== GOAL OF THE EXERCISE ==
For the entries below, copy exactly the line that contains "this 2000×1333 image." through the line that contains "this 1500×1125 image.", both ends included, and exclude all pictures.

== DATA SECTION ==

[Start of Attachment]

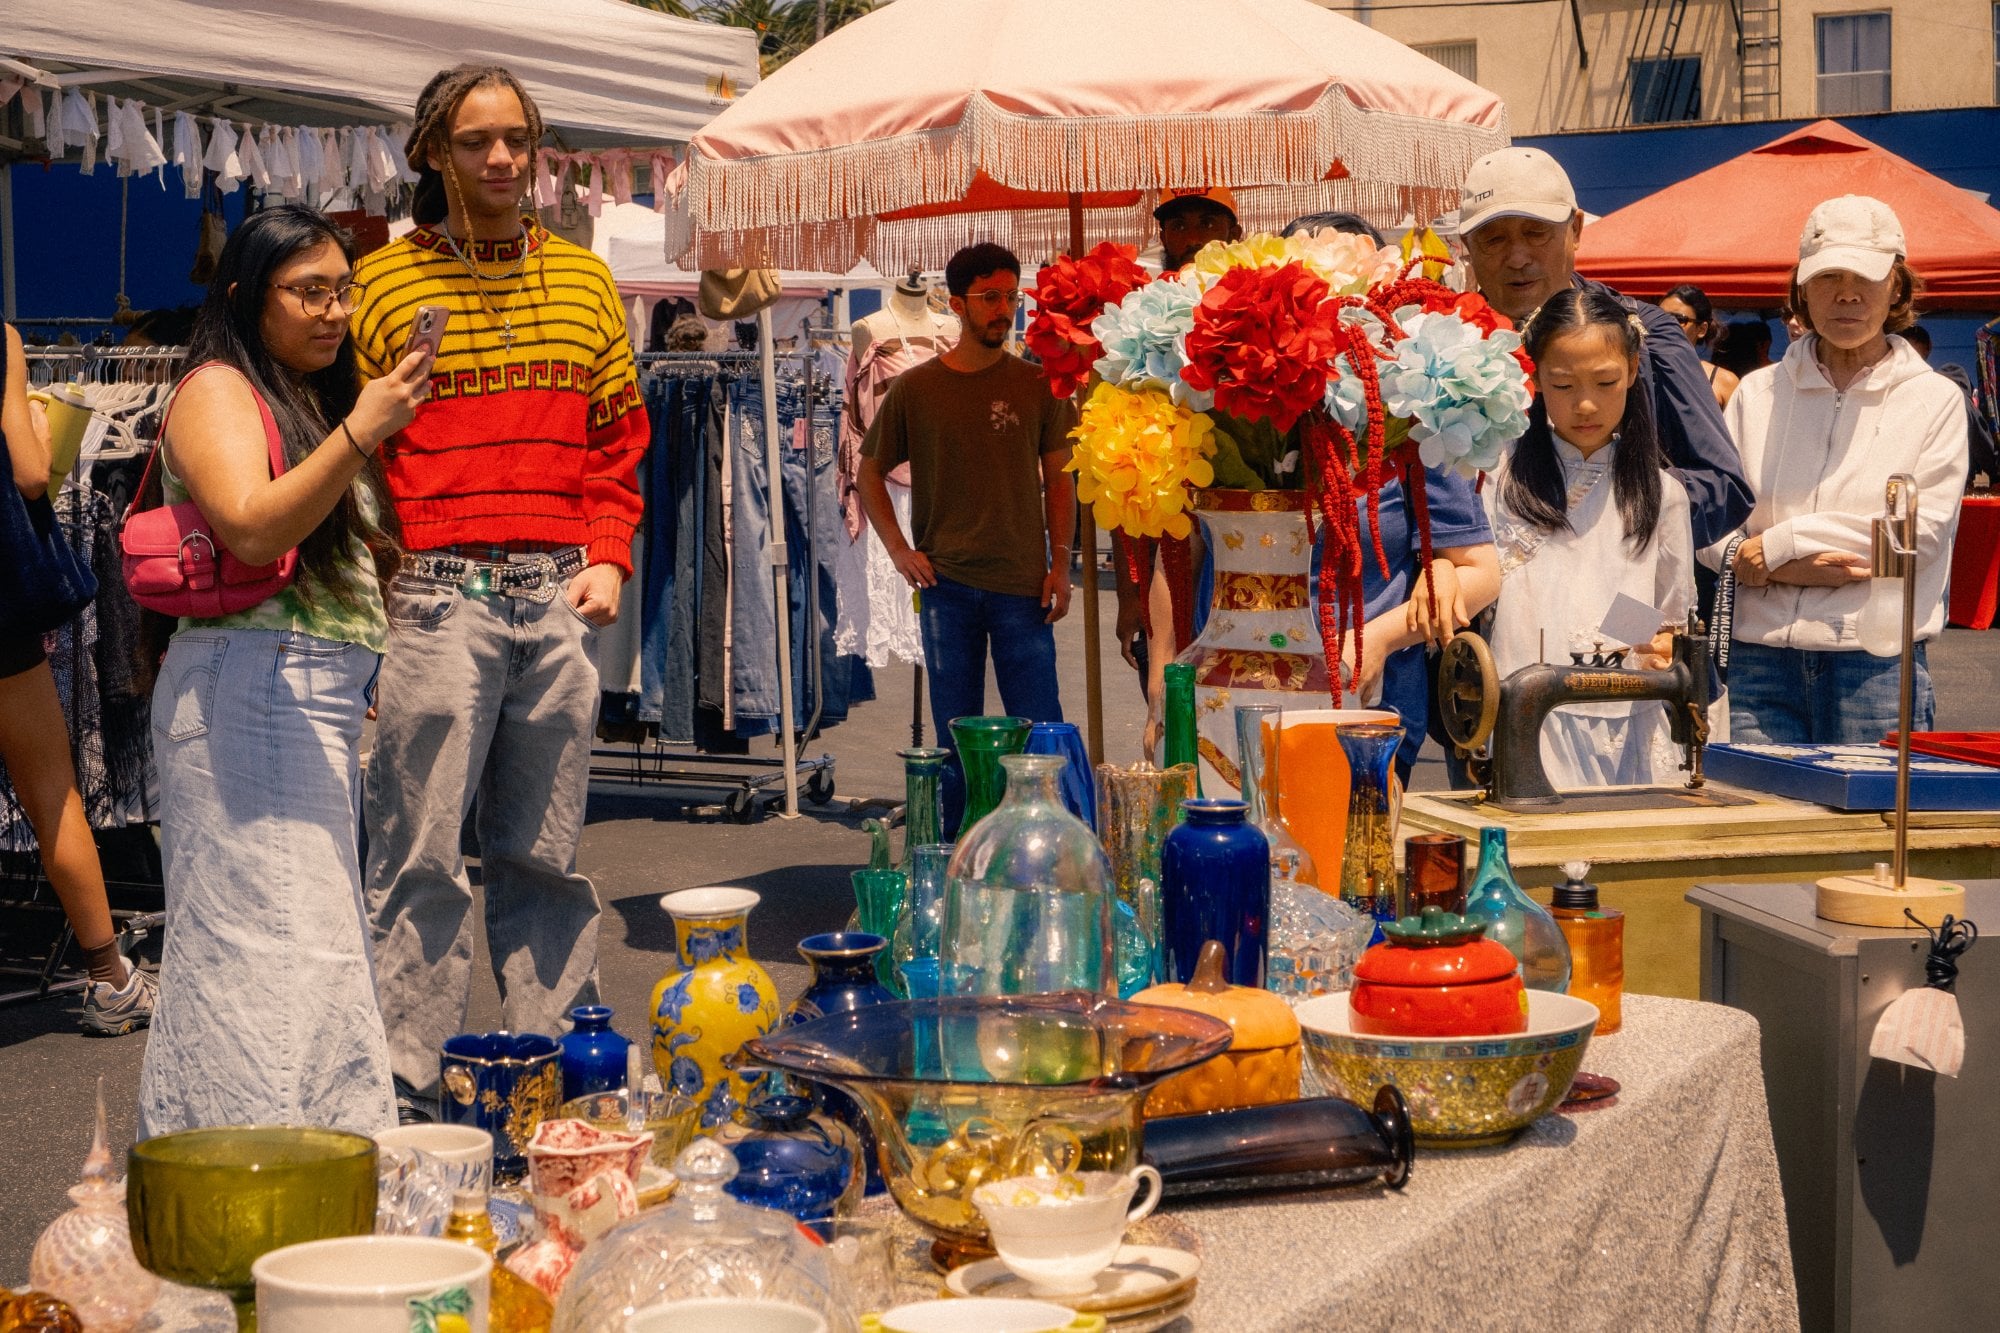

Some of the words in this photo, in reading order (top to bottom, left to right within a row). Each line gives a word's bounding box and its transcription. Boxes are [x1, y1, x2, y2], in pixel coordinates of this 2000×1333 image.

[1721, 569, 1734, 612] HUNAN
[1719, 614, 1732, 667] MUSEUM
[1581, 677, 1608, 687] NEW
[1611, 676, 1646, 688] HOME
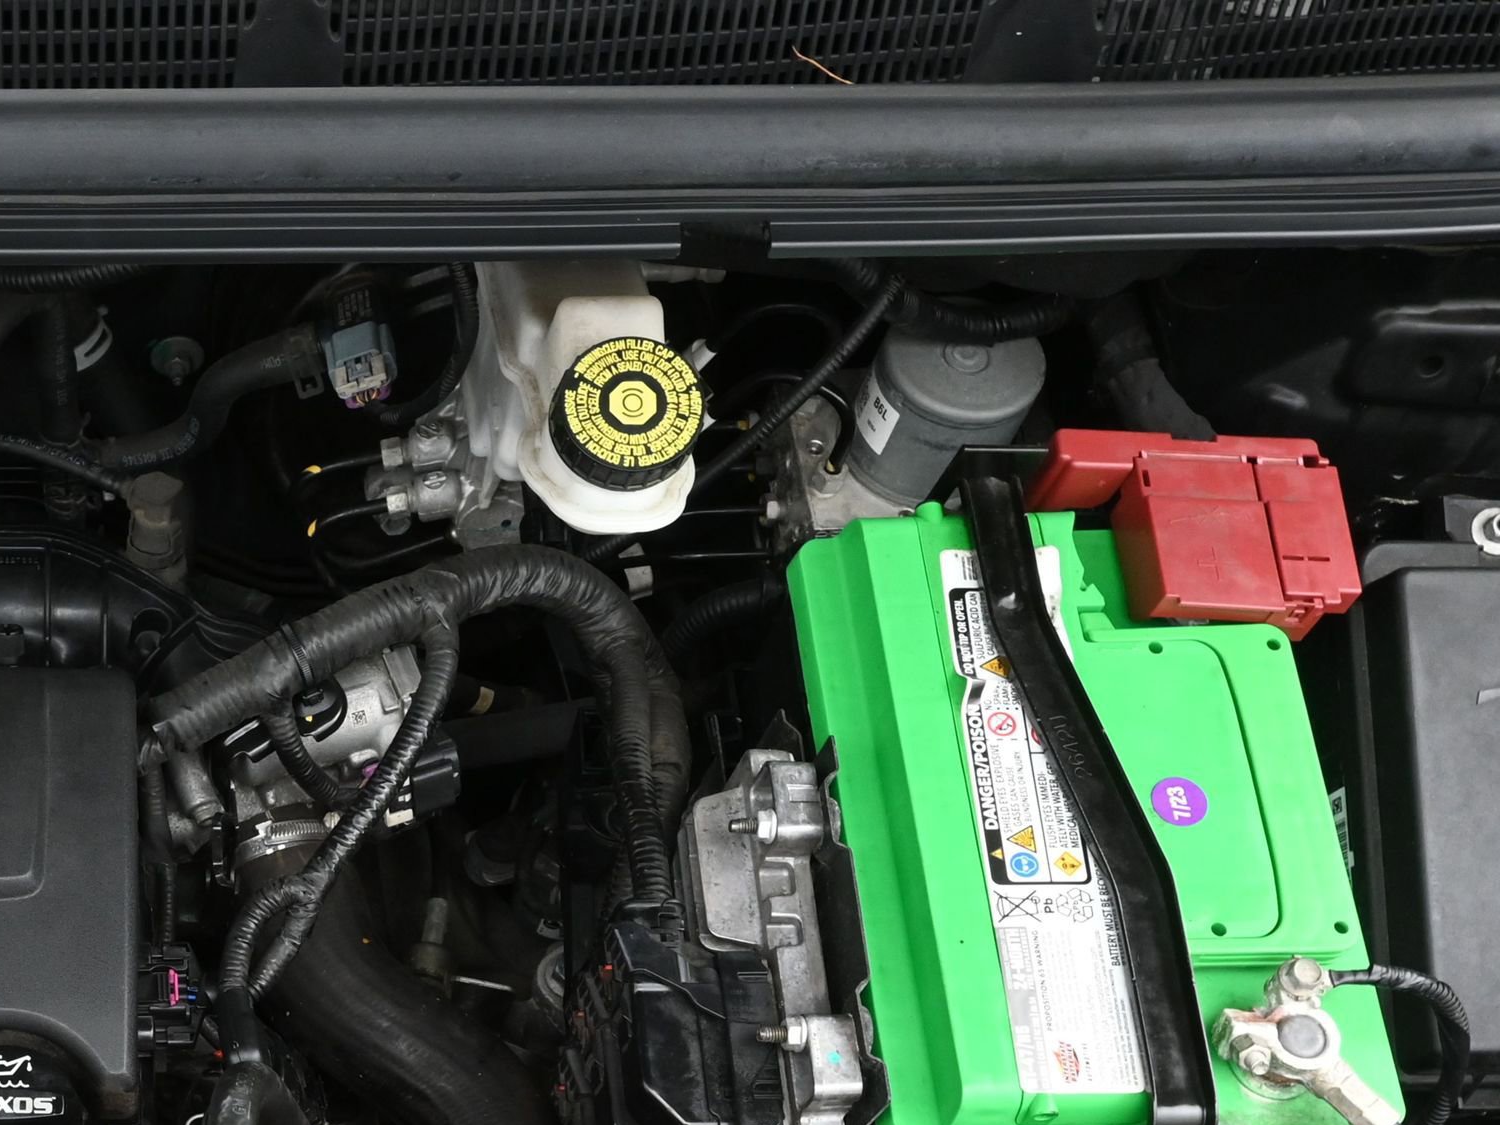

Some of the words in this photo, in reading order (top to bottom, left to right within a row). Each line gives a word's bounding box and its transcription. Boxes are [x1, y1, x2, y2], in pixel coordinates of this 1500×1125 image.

[End of Attachment]
[Start of Attachment]

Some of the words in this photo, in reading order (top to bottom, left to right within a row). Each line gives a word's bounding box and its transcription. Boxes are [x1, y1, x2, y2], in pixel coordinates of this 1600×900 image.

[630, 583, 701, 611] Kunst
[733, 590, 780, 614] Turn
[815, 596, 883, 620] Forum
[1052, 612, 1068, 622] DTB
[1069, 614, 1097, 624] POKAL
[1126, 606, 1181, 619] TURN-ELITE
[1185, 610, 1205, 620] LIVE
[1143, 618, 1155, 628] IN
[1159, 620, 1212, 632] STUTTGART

[End of Attachment]

== WRITTEN RESPONSE ==
Some of the words in this photo, in reading order (top to bottom, left to right within a row). Each line gives a word's bounding box and its transcription. Boxes are [x1, y1, x2, y2], in pixel coordinates of this 2000×1333 image.

[1721, 569, 1734, 612] HUNAN
[1719, 614, 1732, 667] MUSEUM
[1581, 677, 1608, 687] NEW
[1611, 676, 1646, 688] HOME

Some of the words in this photo, in reading order (top to bottom, left to right within a row). Each line gives a word's bounding box and its transcription. Boxes are [x1, y1, x2, y2], in pixel coordinates of this 1500×1125 image.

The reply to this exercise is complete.